:: Action item ::
Please repeat the entries word for word and keep the images out.
++++ Input material
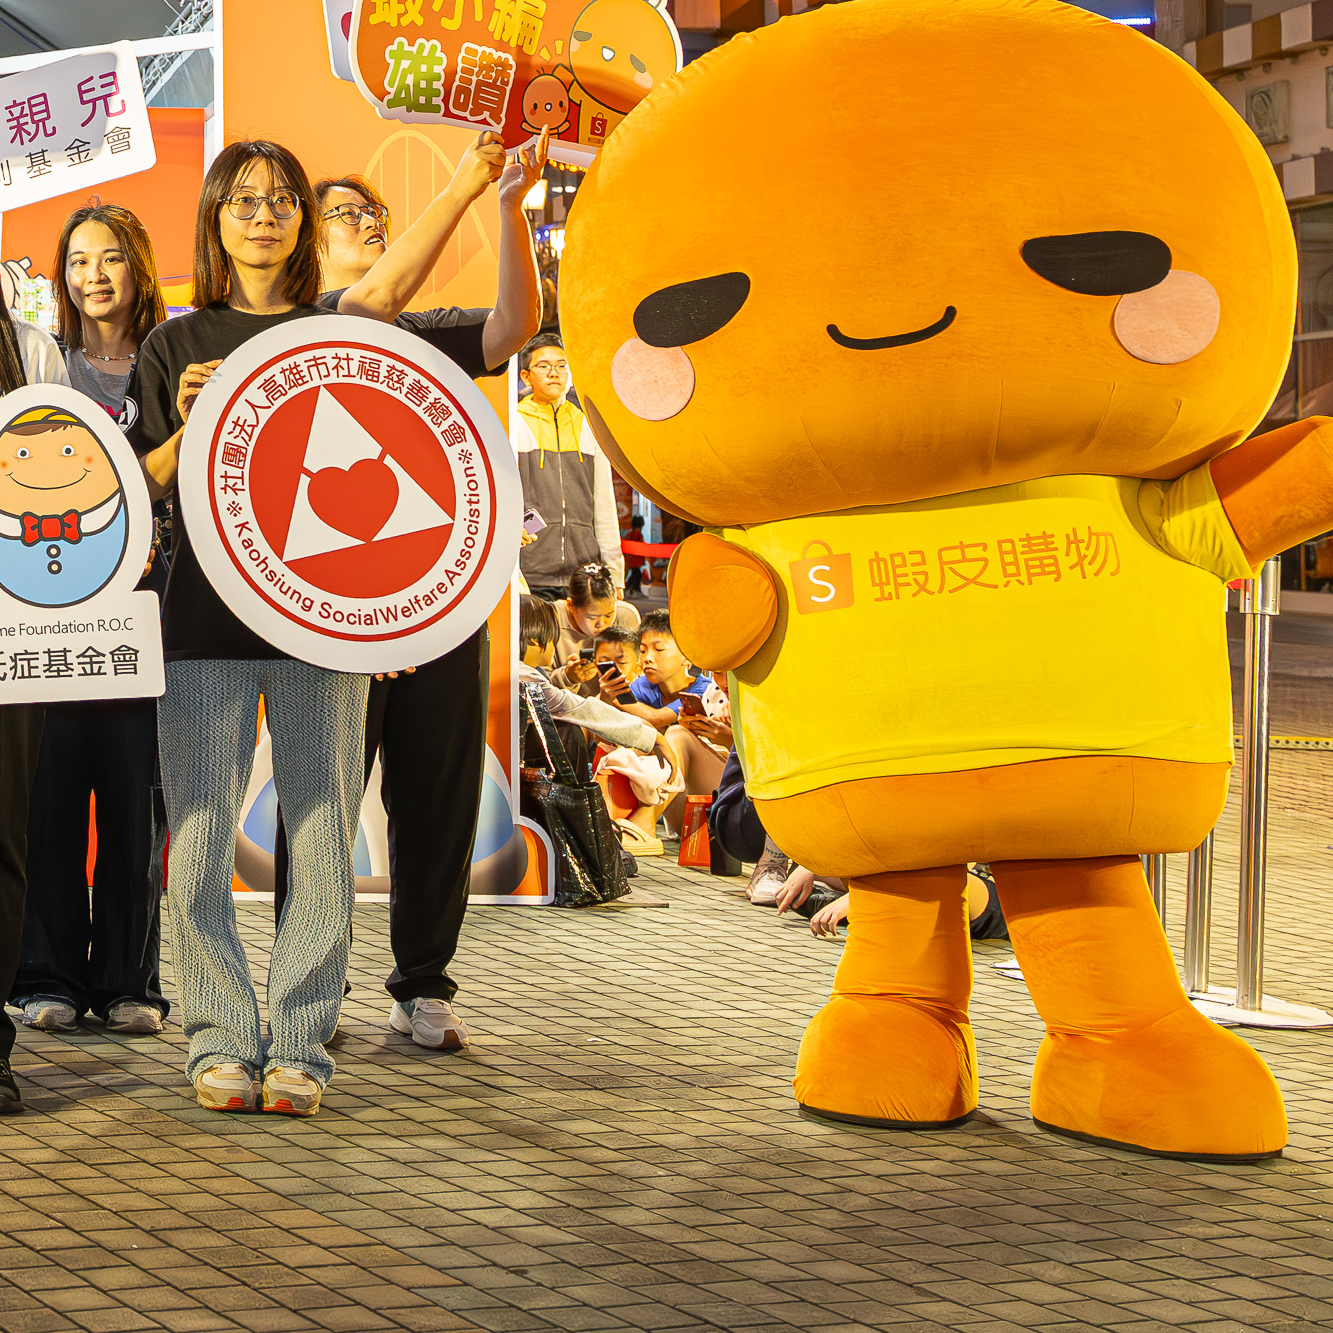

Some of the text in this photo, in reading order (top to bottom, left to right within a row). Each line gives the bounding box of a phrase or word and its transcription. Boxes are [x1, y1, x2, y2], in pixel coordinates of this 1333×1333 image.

[386, 41, 516, 127] 雄讚
[219, 352, 468, 496] 社團法人高雄市社福慈善總會
[234, 520, 315, 613] Kaohsiung
[809, 525, 1123, 604] S 蝦皮購物
[19, 618, 95, 637] Foundation
[97, 617, 134, 633] R.O.C
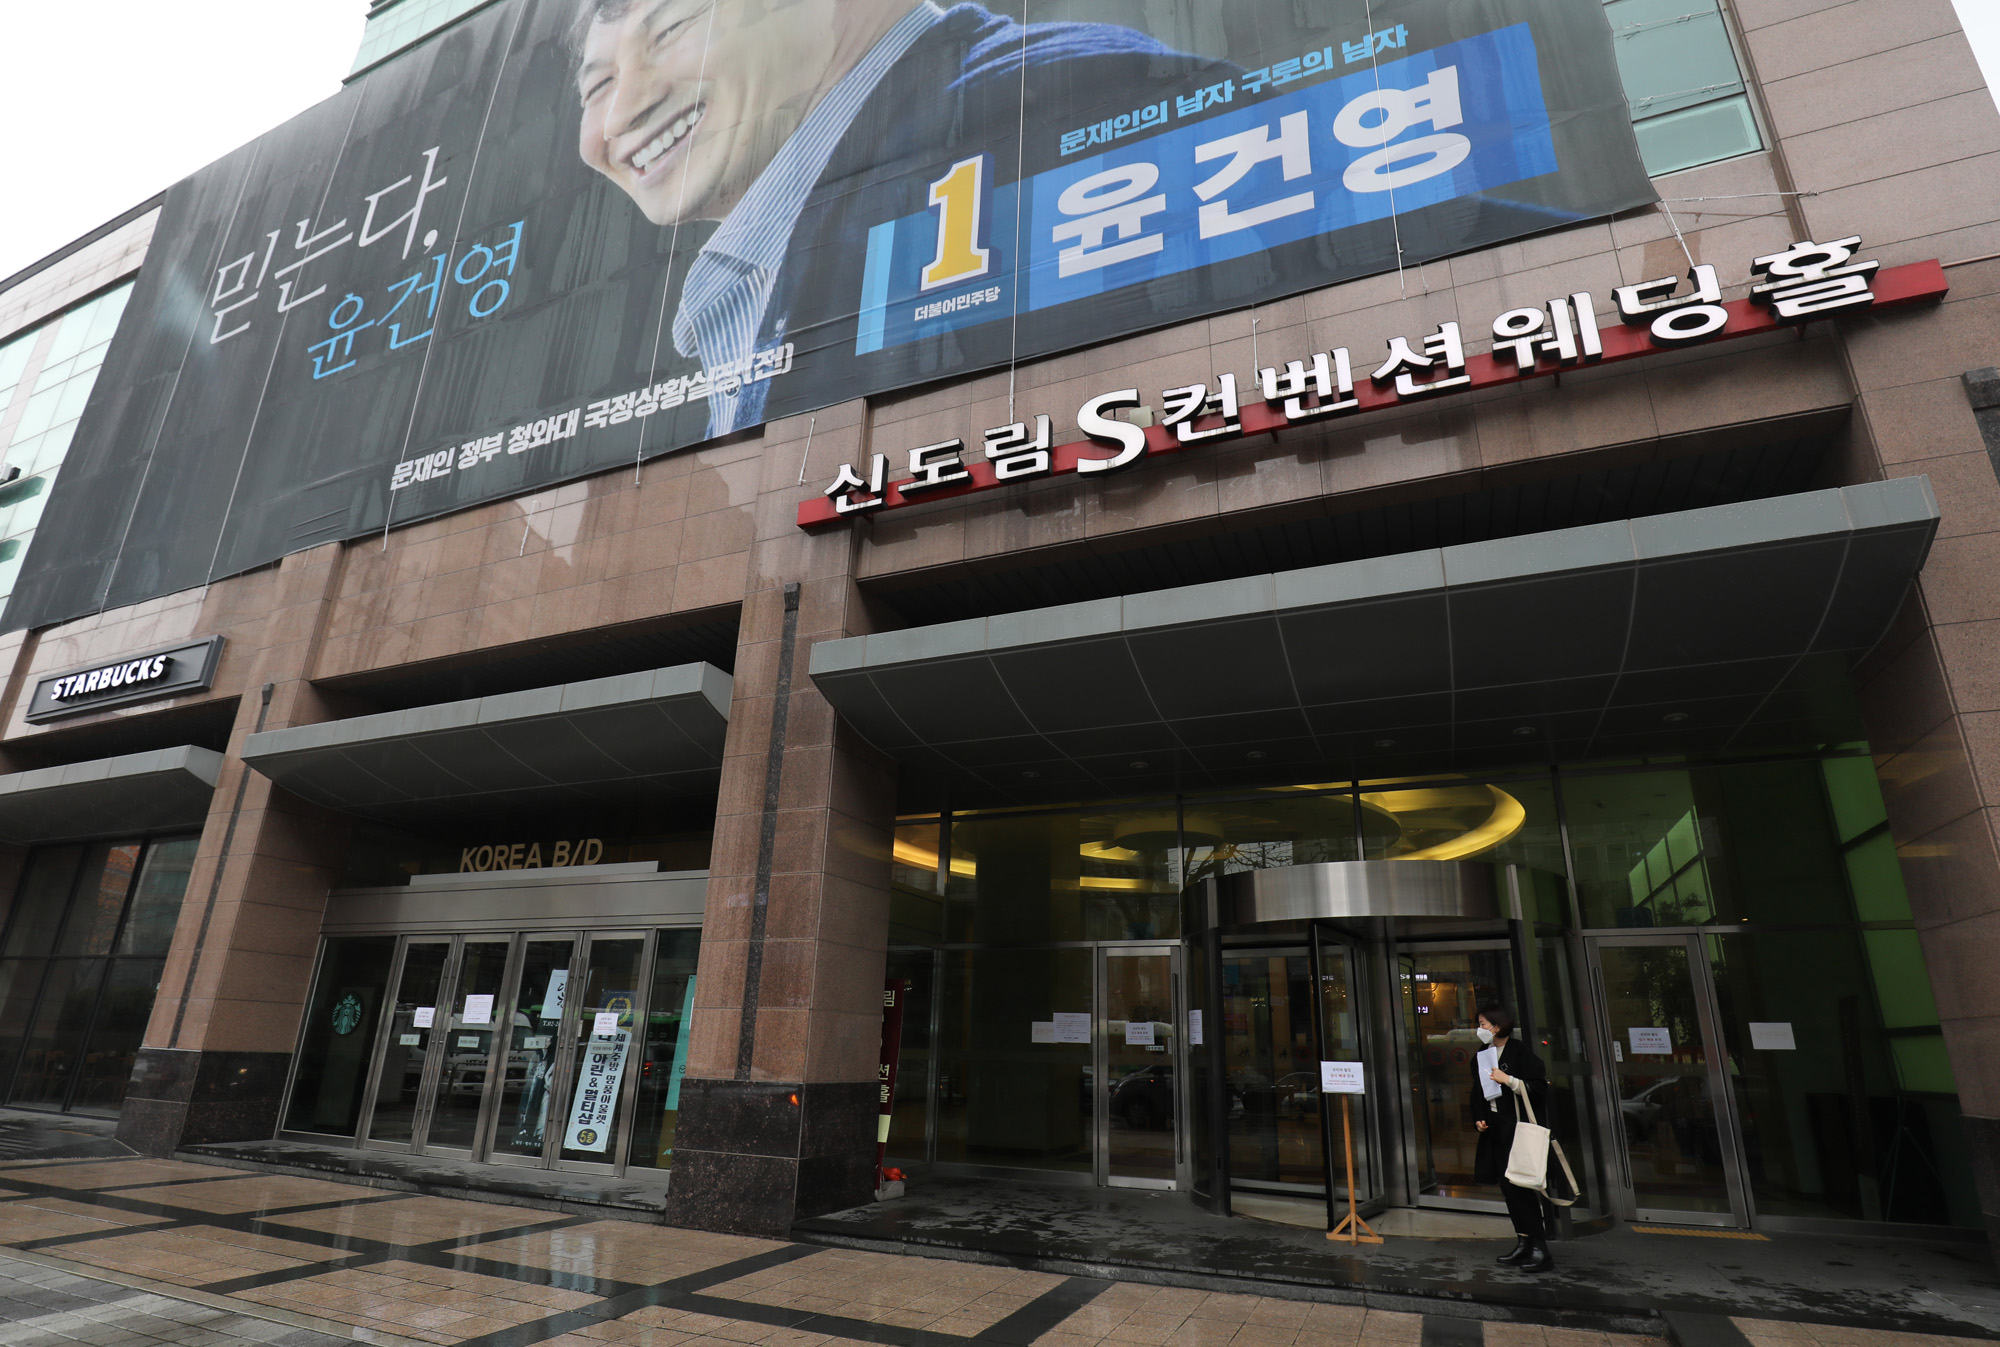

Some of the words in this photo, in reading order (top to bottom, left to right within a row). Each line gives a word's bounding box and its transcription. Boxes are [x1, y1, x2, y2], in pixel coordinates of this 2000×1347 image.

[1059, 93, 1169, 157] 문재인의
[1176, 79, 1235, 119] 남자
[1240, 45, 1333, 96] 구로의
[1343, 23, 1408, 66] 남자
[919, 152, 992, 292] 1
[1052, 65, 1471, 280] 윤건영
[209, 146, 447, 345] 믿는다,
[307, 221, 525, 380] 윤건영
[913, 286, 1001, 322] 더불어민주당
[390, 447, 456, 491] 문재인
[457, 432, 504, 470] 정부
[507, 408, 581, 455] 청와대
[823, 413, 1053, 515] 신도림
[51, 655, 167, 699] STARBUCKS
[459, 842, 542, 873] KOREA
[552, 838, 604, 867] B/D
[578, 1130, 595, 1145] 5층
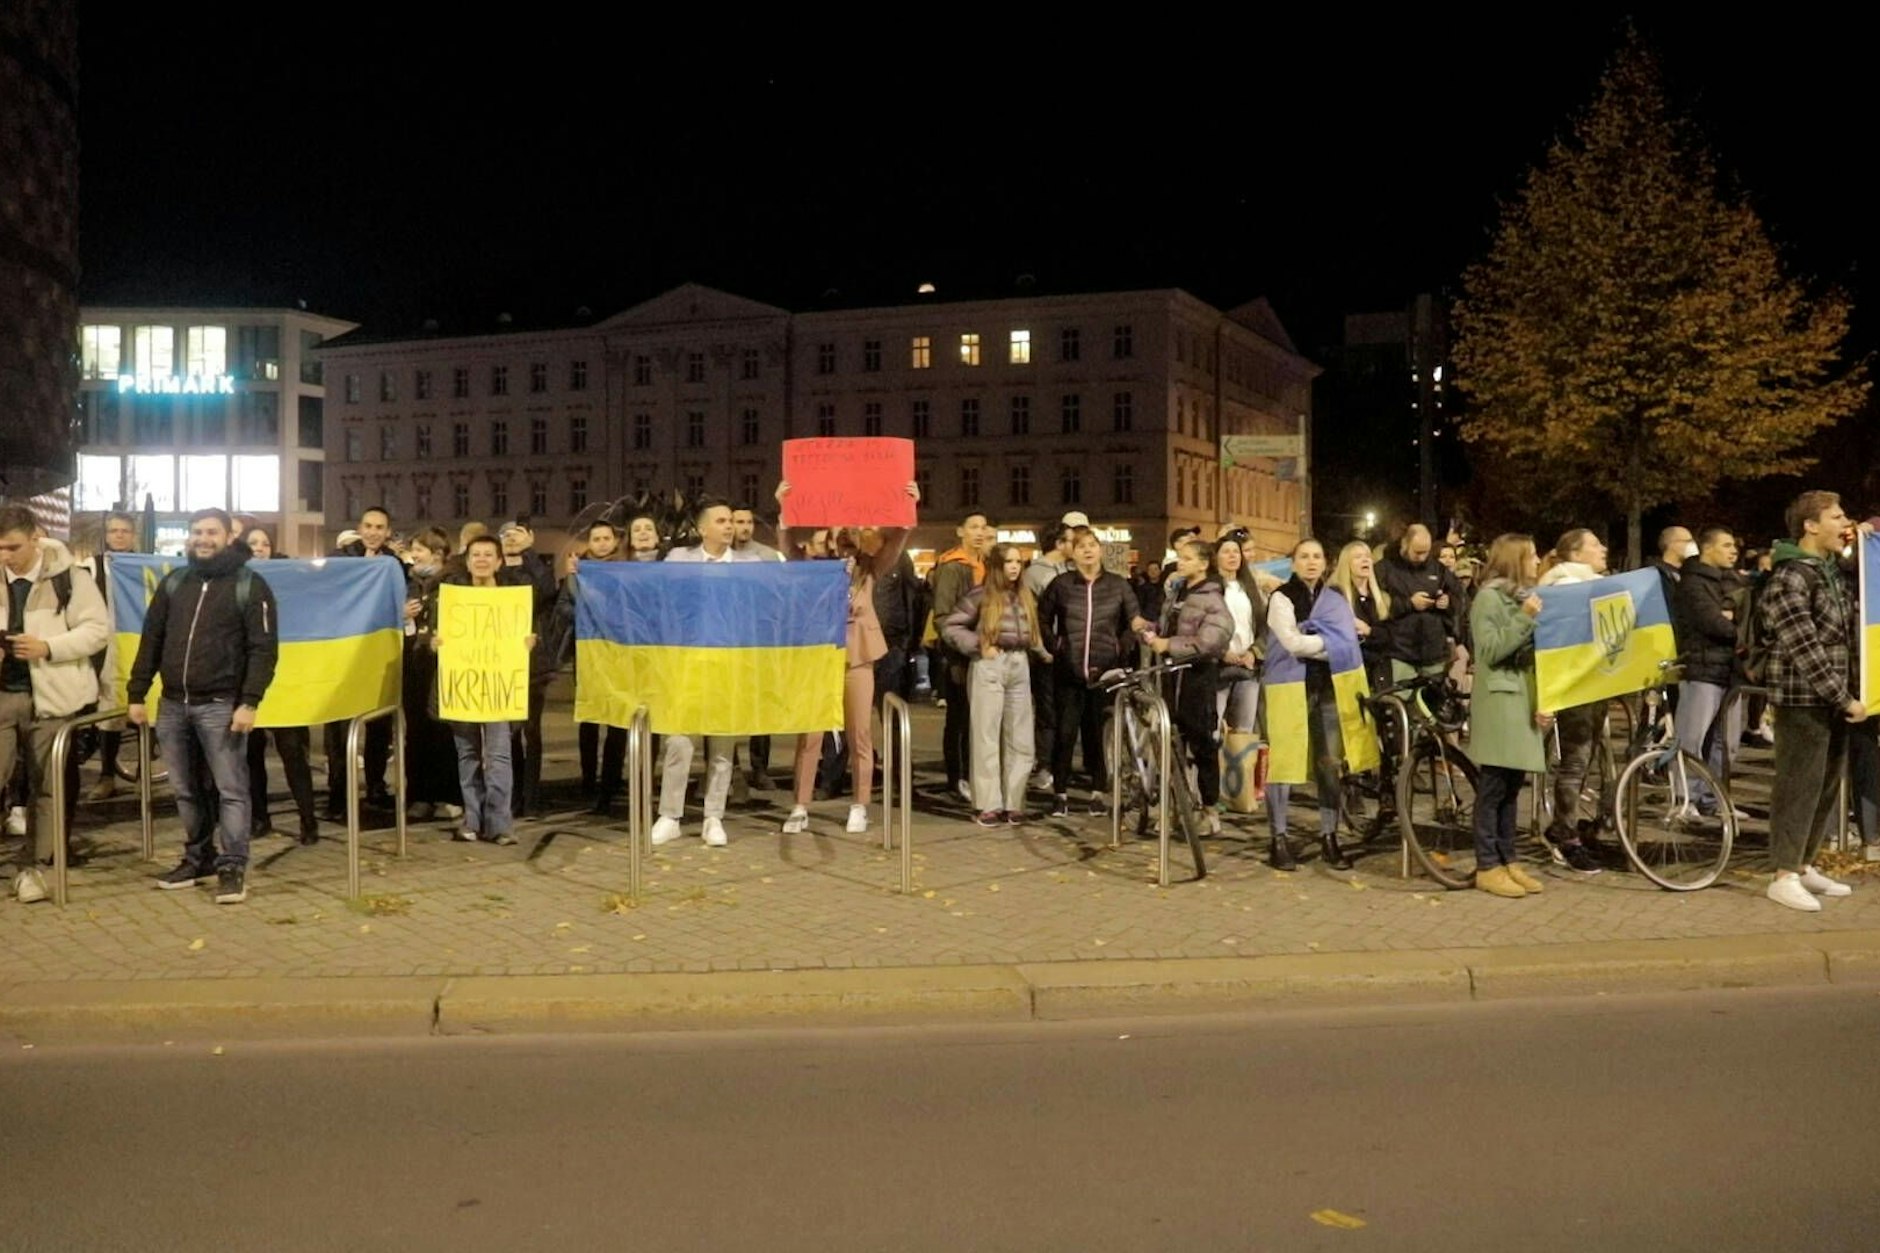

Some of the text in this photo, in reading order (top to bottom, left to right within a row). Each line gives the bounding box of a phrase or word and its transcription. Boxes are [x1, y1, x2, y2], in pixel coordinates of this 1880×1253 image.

[118, 374, 234, 394] PRIMARK
[447, 602, 529, 640] STAND
[440, 668, 526, 712] UKRAINE
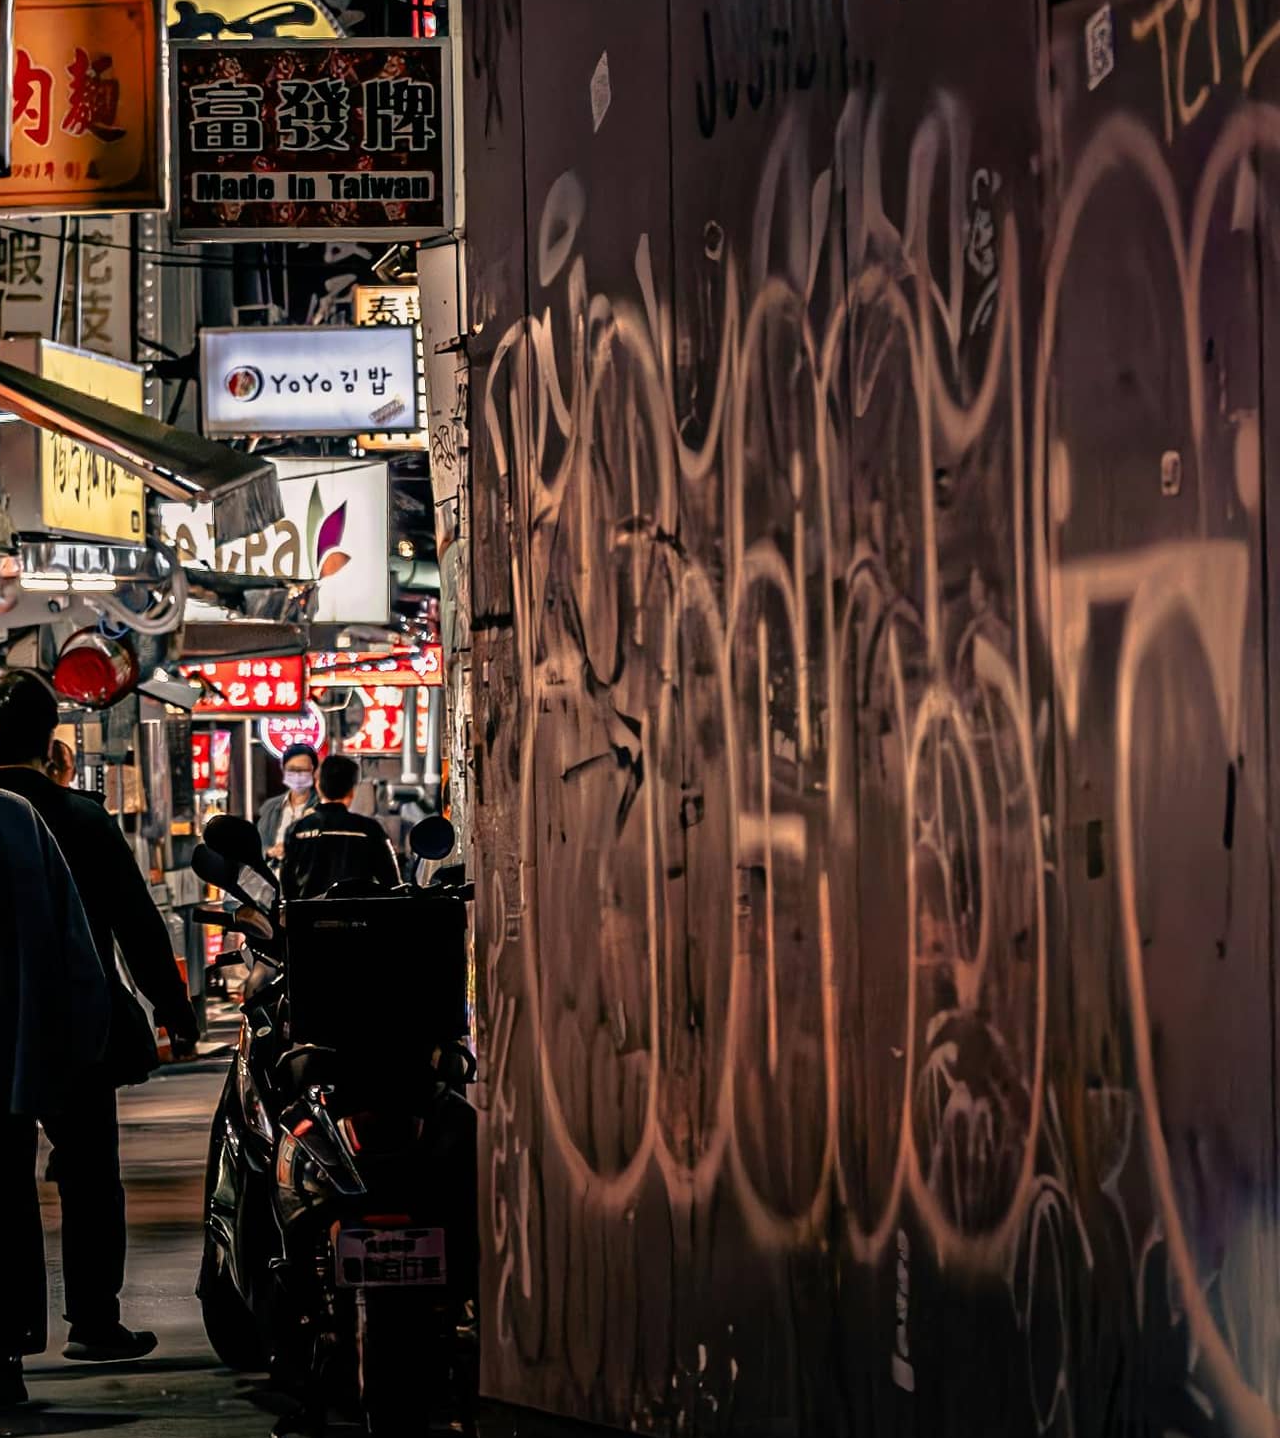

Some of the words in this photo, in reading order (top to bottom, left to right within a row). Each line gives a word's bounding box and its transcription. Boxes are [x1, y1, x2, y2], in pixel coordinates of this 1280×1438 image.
++++++++
:: Result for this task ::
Some of the text in this photo, in reading order (top to bottom, left to right within a row). Each line gives the bounding box of a phrase or word and its transcription. Boxes are [x1, y1, x2, y2], in pixel coordinates of this 1333×1333 image.

[386, 41, 516, 127] 雄讚
[219, 352, 468, 496] 社團法人高雄市社福慈善總會
[234, 520, 315, 613] Kaohsiung
[809, 525, 1123, 604] S 蝦皮購物
[19, 618, 95, 637] Foundation
[97, 617, 134, 633] R.O.C

Some of the words in this photo, in reading order (top to bottom, left to right within a row). Each line gives a word's bounding box and its transcription. Boxes are [x1, y1, x2, y2], in pixel coordinates of this 2000×1347 image.

[1059, 93, 1169, 157] 문재인의
[1176, 79, 1235, 119] 남자
[1240, 45, 1333, 96] 구로의
[1343, 23, 1408, 66] 남자
[919, 152, 992, 292] 1
[1052, 65, 1471, 280] 윤건영
[209, 146, 447, 345] 믿는다,
[307, 221, 525, 380] 윤건영
[913, 286, 1001, 322] 더불어민주당
[390, 447, 456, 491] 문재인
[457, 432, 504, 470] 정부
[507, 408, 581, 455] 청와대
[823, 413, 1053, 515] 신도림
[51, 655, 167, 699] STARBUCKS
[459, 842, 542, 873] KOREA
[552, 838, 604, 867] B/D
[578, 1130, 595, 1145] 5층

Some of the text in this photo, in reading order (top to bottom, left to right within a row). Each line gives the bounding box of a phrase or word and its transcription. Boxes are [x1, y1, x2, y2], in pixel coordinates of this 1880×1253 image.

[118, 374, 234, 394] PRIMARK
[447, 602, 529, 640] STAND
[440, 668, 526, 712] UKRAINE

Some of the words in this photo, in reading order (top to bottom, left to right within a row). Each line gives a word's bounding box and its transcription. Boxes are [x1, y1, x2, y2], in pixel coordinates of this 1280×1438 image.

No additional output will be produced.